No you misunderstand.  Maryland set a condition on its cession.  Congress accepted that condition.  Congress could have walked on the deal and placed the capital in Pennsylvania, but they didn't.  It is just like if someone sold a piece of property, but included a covenant.  That doesn't mean that the seller still owns the property, it just means that the buyer agrees to certain restrictions on the use of the property that he owns.
You're the one who is clearly misunderstanding here, but lets leave that aside for a moment, since I despair of convincing you of what seems to me to be so self evident.
Check Van Ness v Bank of the United States
The case in controversy began before the date on which Maryland ceded sovereignty over Washington County to Congress, namely February 27, 1801.  That Congress chose to leave such a suit in the Maryland courts hardly weakens my point that until that date that territory was still part of Maryland.
Maryland ceded sovereignty to the United States in 1791.

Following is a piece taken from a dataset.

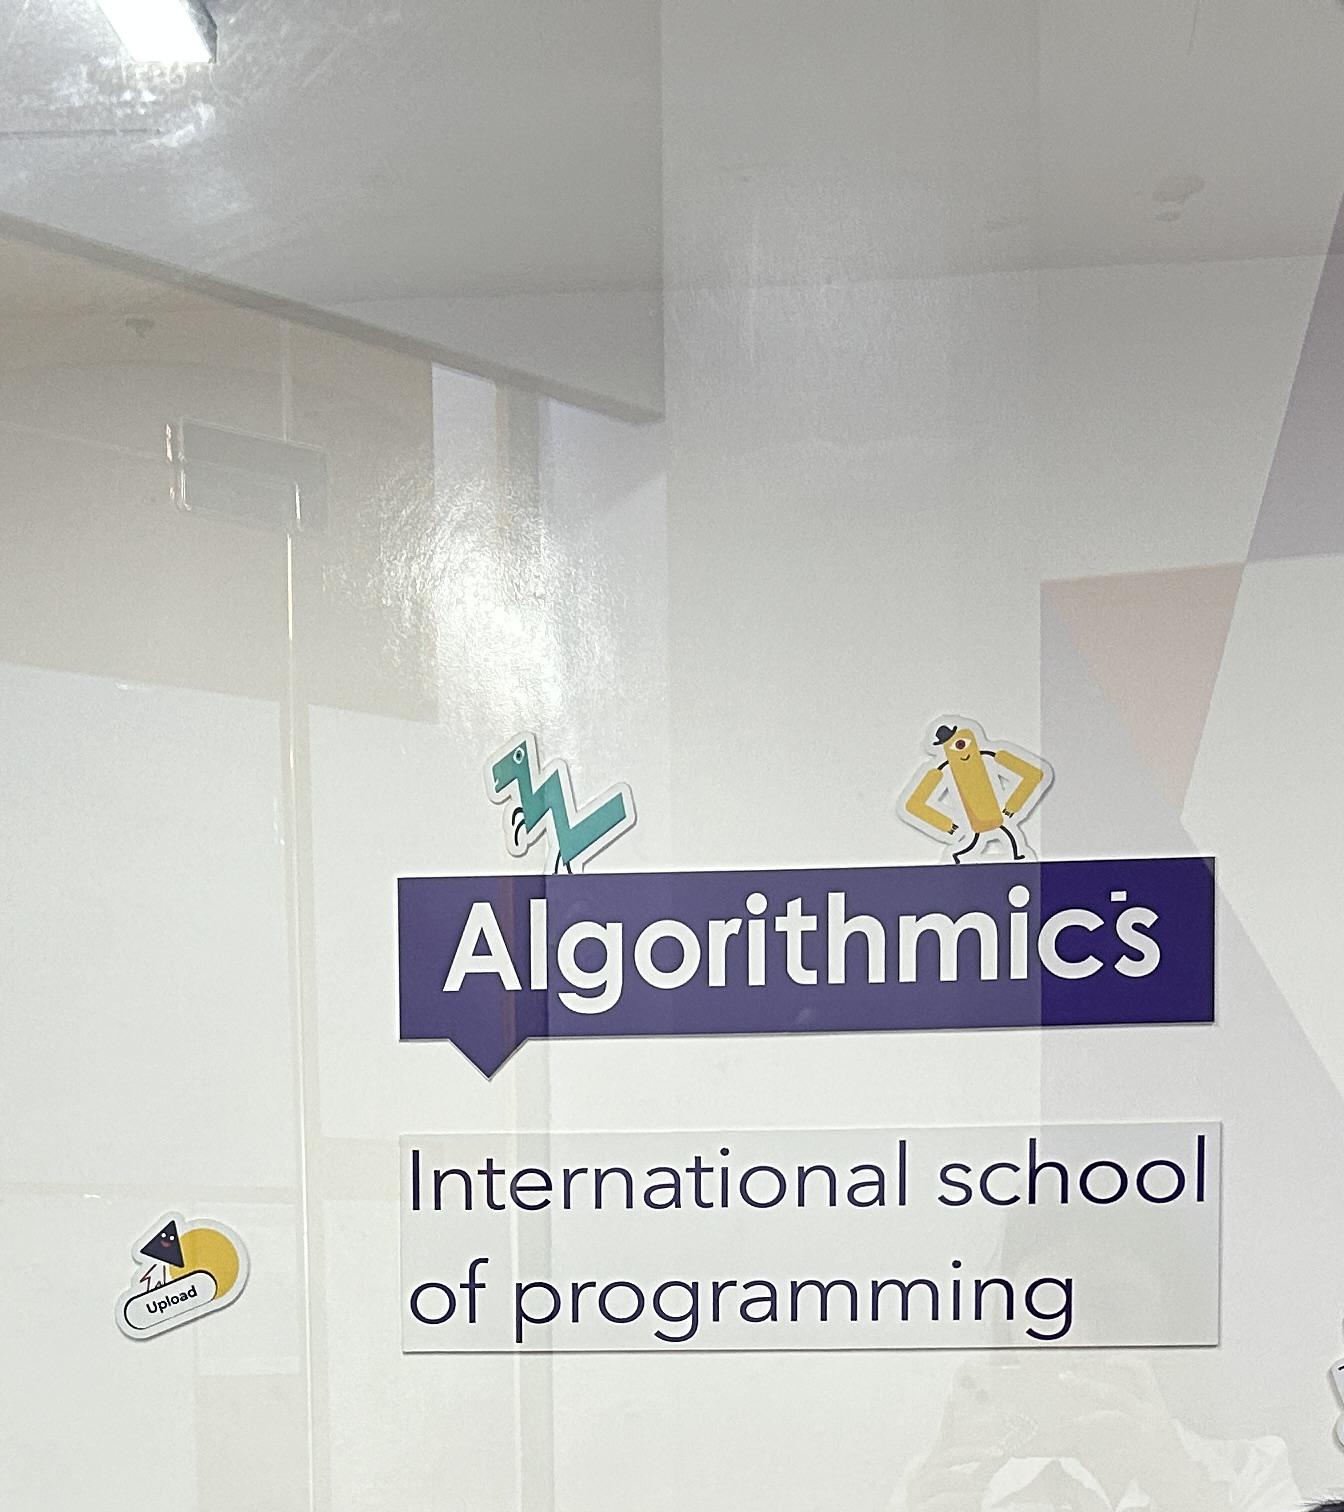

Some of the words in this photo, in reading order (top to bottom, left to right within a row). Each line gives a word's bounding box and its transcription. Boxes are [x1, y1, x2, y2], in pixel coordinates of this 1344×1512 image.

"The United States accepted the cession made by this law of the state; and the conditions above mentioned, therefore, formed a part of the contract between the parties; and consequently the laws of Maryland, and the jurisdiction of its Courts, continued in full force, until Congress took upon itself the government of the district"
Don't you understand why the court used the word "accepted" - could it because this is the precise language used in the Constitution?  Maryland did not have the authority to override the Constitution.  They did have the authority to enter into an agreement where the Congress would continue to use Maryland laws and Maryland courts to exercise Congress's exclusive jurisdiction.  And remember that even after February 1801, Maryland laws continued to be in force within the district.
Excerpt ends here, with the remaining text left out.